Soares foi o número 2 na hierarquia verde-oliva, o chefe do ­Estado-Maior do Exército, em 2023. O atual número 1, o comandante Tomás Miguel Ribeiro Paiva, abriu sindicância no ano passado sobre a carta apócrifa. A investigação desdobrou-se em um Inquérito Policial Militar finalizado em outubro passado. Dois coronéis foram considerados culpados de violar o Código Penal Militar, Anderson Lima de Moura e Carlos Giovani Pasini, ambos recém-incriminados pela PF. Um terceiro conseguiu uma liminar para se safar da apuração interna do Exército, mas foi citado pela PF: Alexandre Castilho Bittencourt da Silva.

Paiva era o “Prec” da mensagem a Cid sobre quais generais seriam expostos na Jovem Pan. Em 2022, era o chefe do Comando Militar do Sudeste, em São Paulo. Em 15 de novembro de 2022, duas semanas antes da carta apócrifa, tinha sido citado, com foto, em uma mensagem de Romão a Bastos, juntamente com quatro colegas generais. O quinteto tinha Paiva, Richard Nunes, o “Bigode”, hoje chefe do Estado-Maior do Exército, André Luis Novaes Miranda, chefe do Comando Militar do Leste, no Rio de Janeiro, Guido Amim, então chefe de Ciência e Tecnologia do Exército, e Valério Stumpf, então no comando do Estado-Maior.

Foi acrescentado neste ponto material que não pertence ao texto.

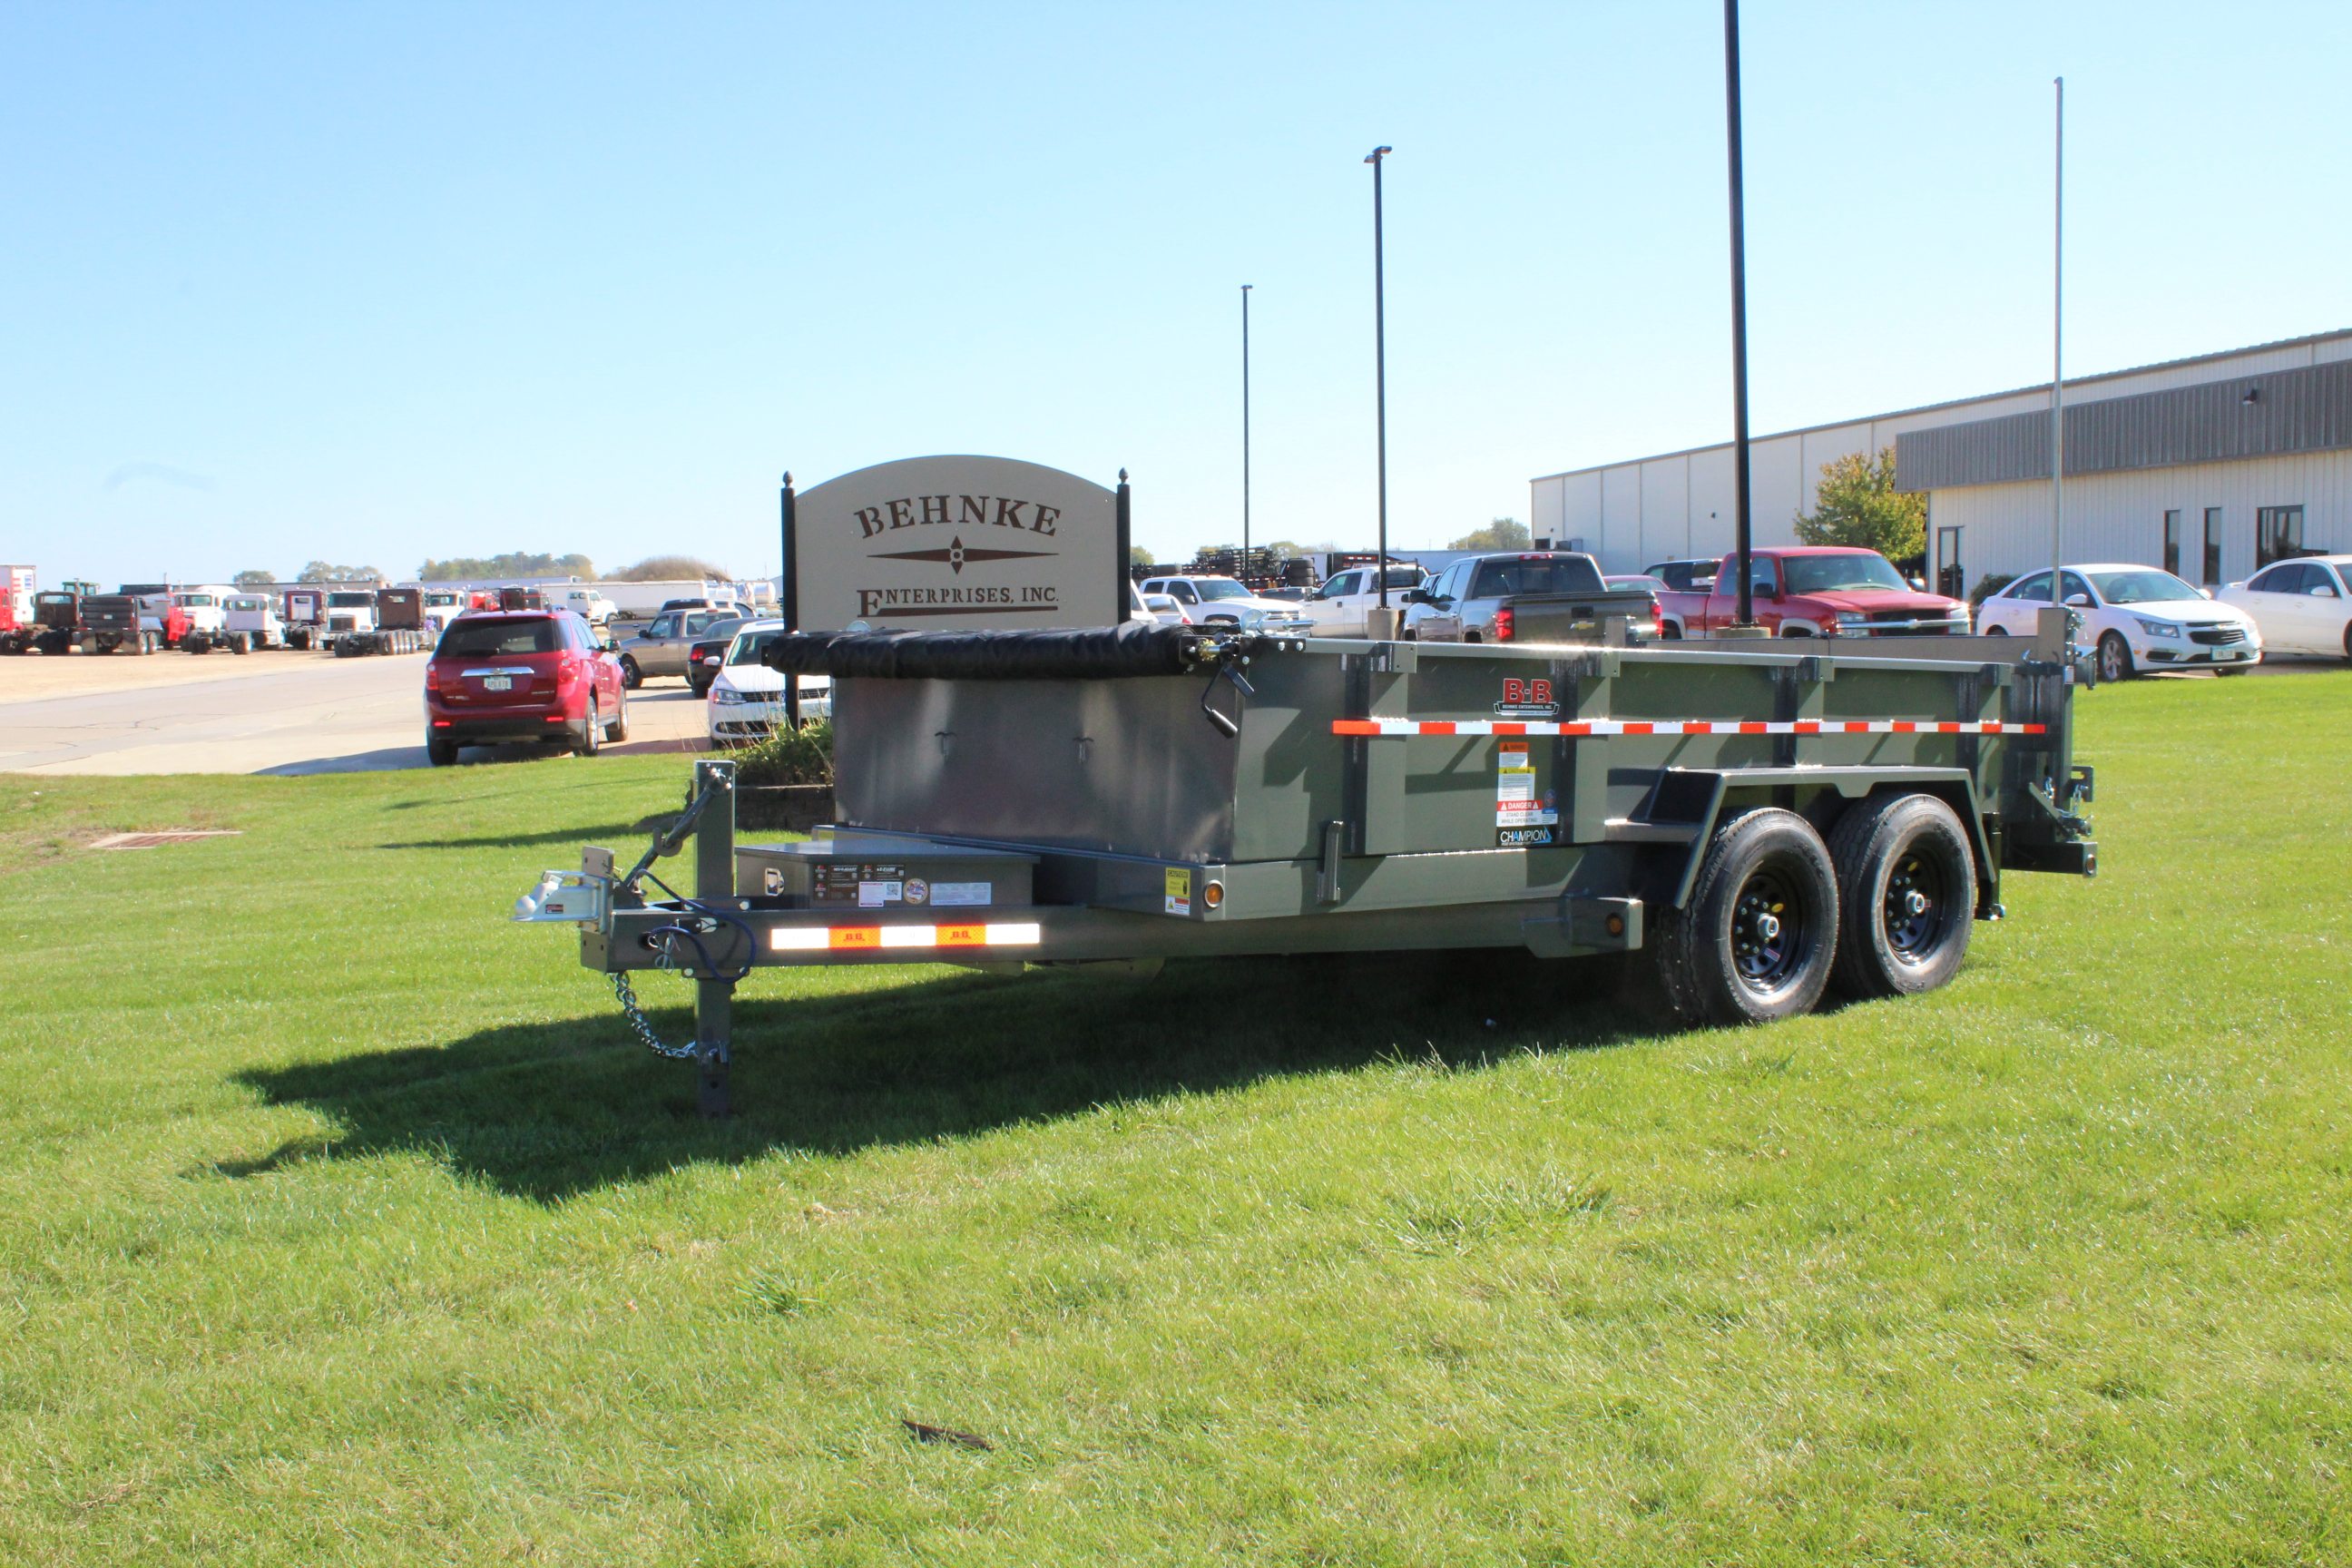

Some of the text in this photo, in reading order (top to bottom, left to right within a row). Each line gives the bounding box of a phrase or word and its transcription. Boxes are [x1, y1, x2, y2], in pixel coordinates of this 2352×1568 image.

[853, 494, 1062, 539] BEHNKE
[856, 586, 1059, 618] ENTERPRISES, INC.
[1500, 830, 1546, 842] CHAMPION

Stumpf era informante de Moraes? É apontado como tal em duas conversas de WhatsApp obtidas pela PF. Uma é de 22 de dezembro de 2022. Foi repassada a um colega de farda pelo coronel Almeida, o das operações psicológicas. “Stumph (sic) é informante do Alexandre de ­Moraes”, dizia. Afirmação semelhante foi feita em 4 de janeiro de 2023 por outro incriminado pela PF na tentativa de golpe, o tenente-coronel Sérgio Cavaliere de Medeiros, cujo celular foi apreendido em 2024. Cavaliere conversava com um sujeito de nome “Riva”. Este dizia que Moraes tinha informante. Cavaliere: “Gen Stumph (sic)”. Nas duas vezes em que foi apontado como informante, o general teve o nome escrito erradamente.

Braga Netto queria a cabeça dos generais que se recusaram a avalizar a intentona

Há outra razão para supor que ­Stumpf era fonte de Moraes. A reunião de Kids Pretos de 28 de novembro de 2022 ocorreu no apartamento do pai, e no salão de festas do prédio, de um coronel que era assistente do general no Estado-Maior, Márcio Resende. Este não foi incriminado pela PF, ao contrário de outros participantes, entre eles Romão, Cleverson Ney Magalhães, assistente do general Theophilo, e Nilton Diniz Rodrigues, hoje general e à época assessor do então comandante do Exército, Freire Gomes, que o havia nomeado em outubro de 2022, mês da eleição. Gomes sabia dos passos de Rodrigues?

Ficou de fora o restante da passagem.